TO DO -
In the copy, include every entry exactly but none of the pictures.

Data excerpts -
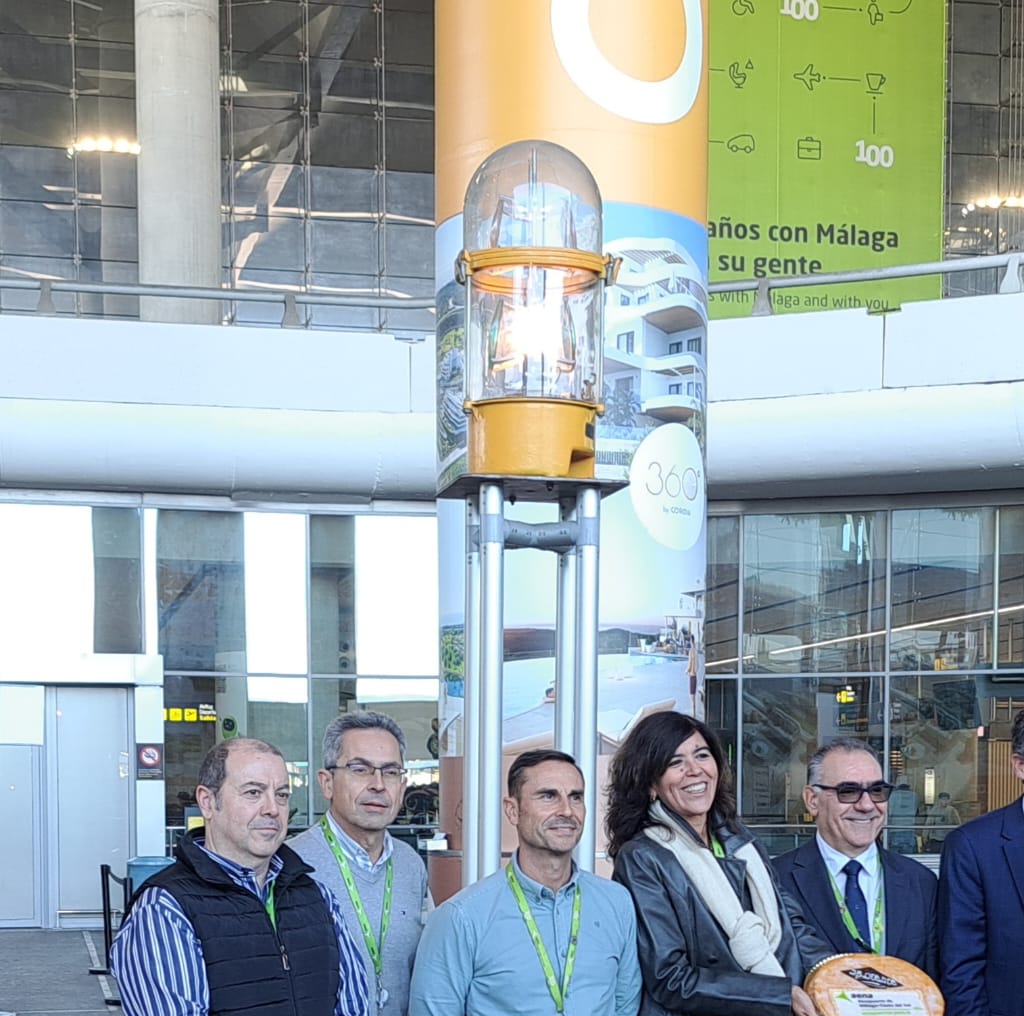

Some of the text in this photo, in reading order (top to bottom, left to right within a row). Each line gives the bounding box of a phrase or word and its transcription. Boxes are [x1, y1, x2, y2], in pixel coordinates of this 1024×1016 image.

[855, 140, 894, 167] 100
[768, 223, 808, 243] con
[816, 223, 899, 252] Málaga
[718, 254, 745, 273] su
[753, 256, 823, 278] gente
[719, 291, 749, 304] with
[804, 294, 828, 308] and
[831, 295, 862, 309] with
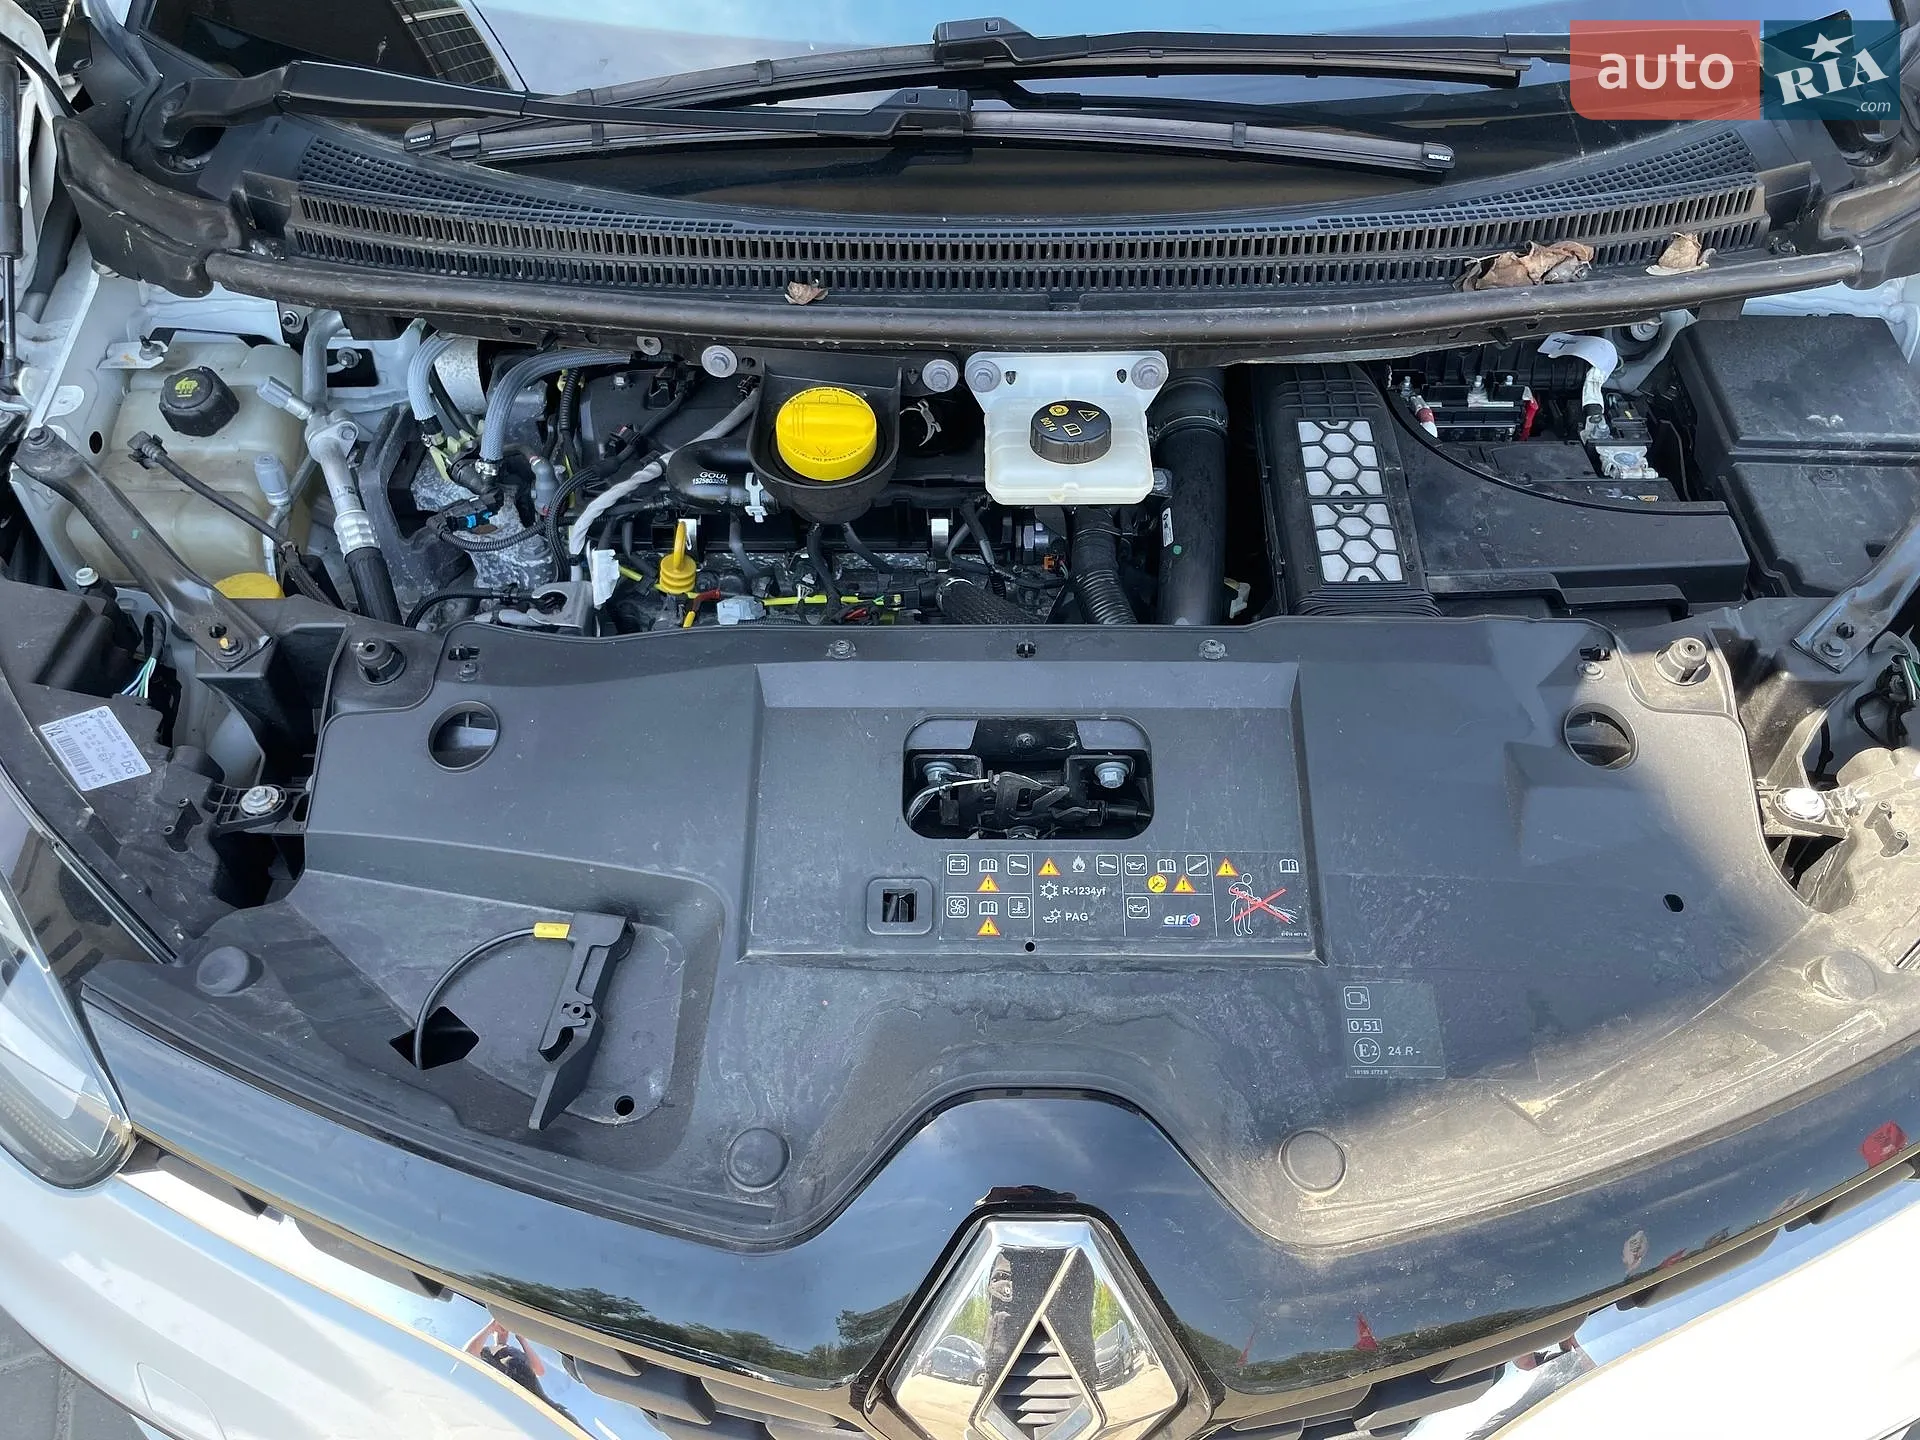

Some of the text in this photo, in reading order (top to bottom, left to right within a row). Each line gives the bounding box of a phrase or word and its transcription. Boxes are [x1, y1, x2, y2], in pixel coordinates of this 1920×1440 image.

[1062, 886, 1107, 896] R-1234yf
[1065, 912, 1089, 922] PAG
[1164, 914, 1187, 925] elf
[1350, 1020, 1380, 1033] 0,51
[1388, 1046, 1402, 1056] 24
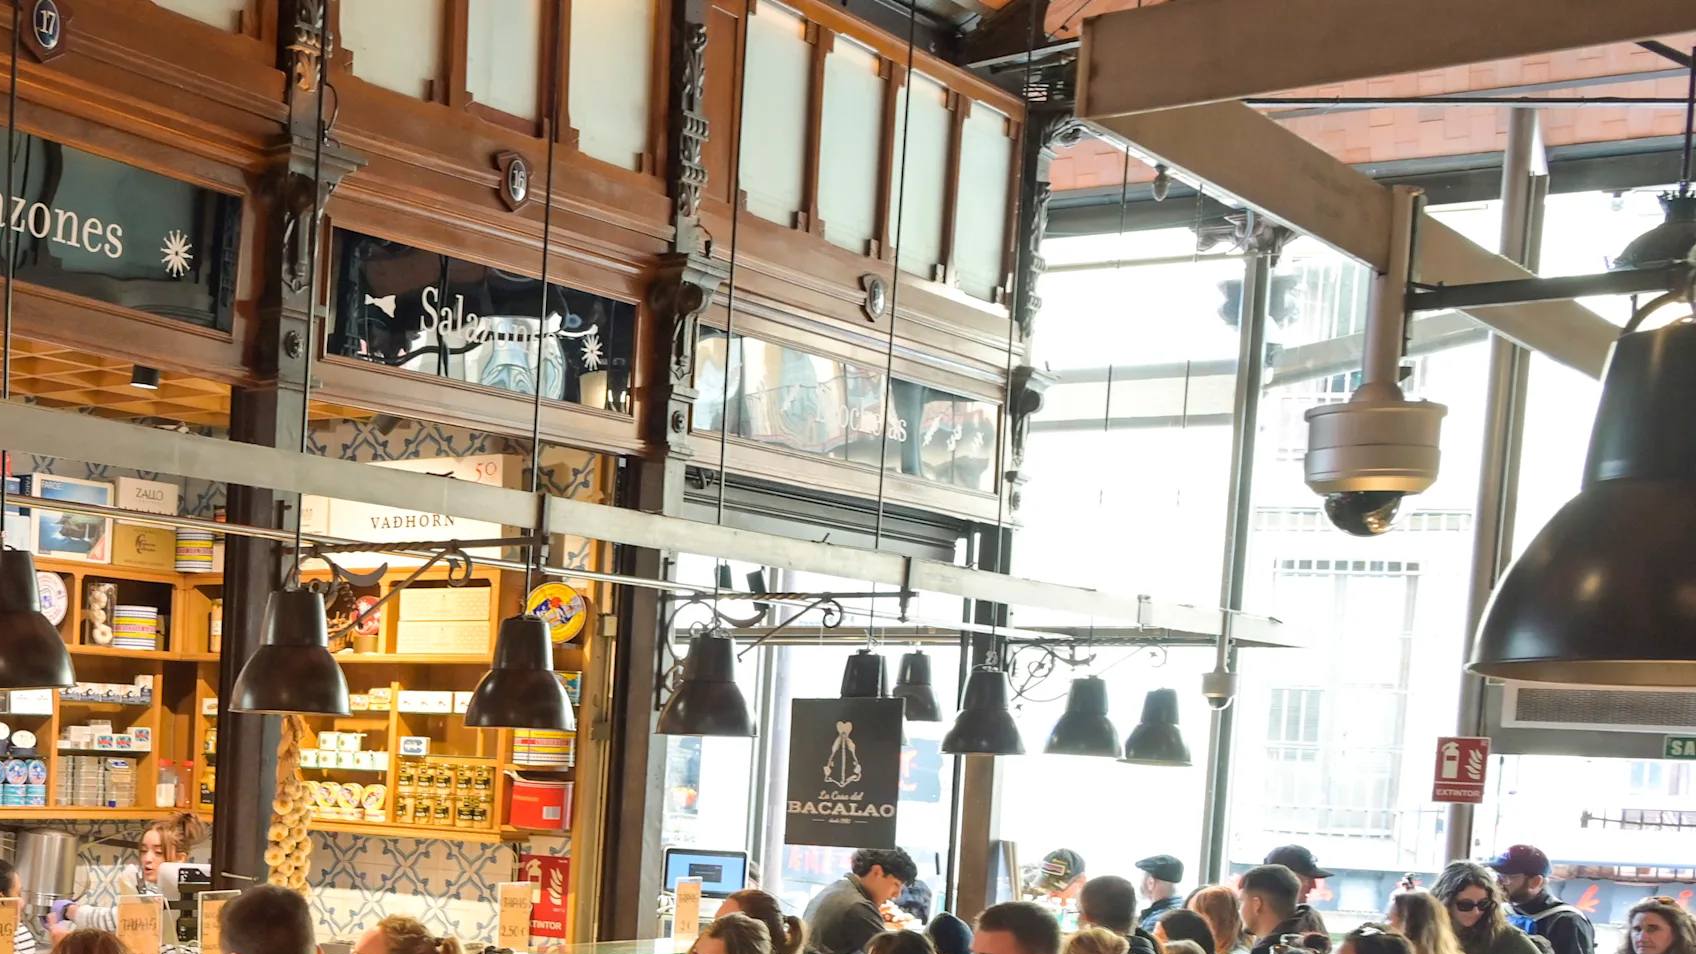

ANSWER BELOW -
Some of the text in this photo, in reading order (top to bottom, left to right within a row). Each line gives the bounding box of a phrase or word and its transcription. Boxes are [x1, y1, x2, y2], in pixel coordinates of this 1024×1016 image.

[855, 140, 894, 167] 100
[768, 223, 808, 243] con
[816, 223, 899, 252] Málaga
[718, 254, 745, 273] su
[753, 256, 823, 278] gente
[719, 291, 749, 304] with
[804, 294, 828, 308] and
[831, 295, 862, 309] with

Some of the text in this photo, in reading order (top to bottom, left to right within a row). Each line gives the bounding box of a phrase or word and its transcription. Boxes are [x1, y1, x2, y2], in pixel coordinates of this 1920×1440 image.

[1062, 886, 1107, 896] R-1234yf
[1065, 912, 1089, 922] PAG
[1164, 914, 1187, 925] elf
[1350, 1020, 1380, 1033] 0,51
[1388, 1046, 1402, 1056] 24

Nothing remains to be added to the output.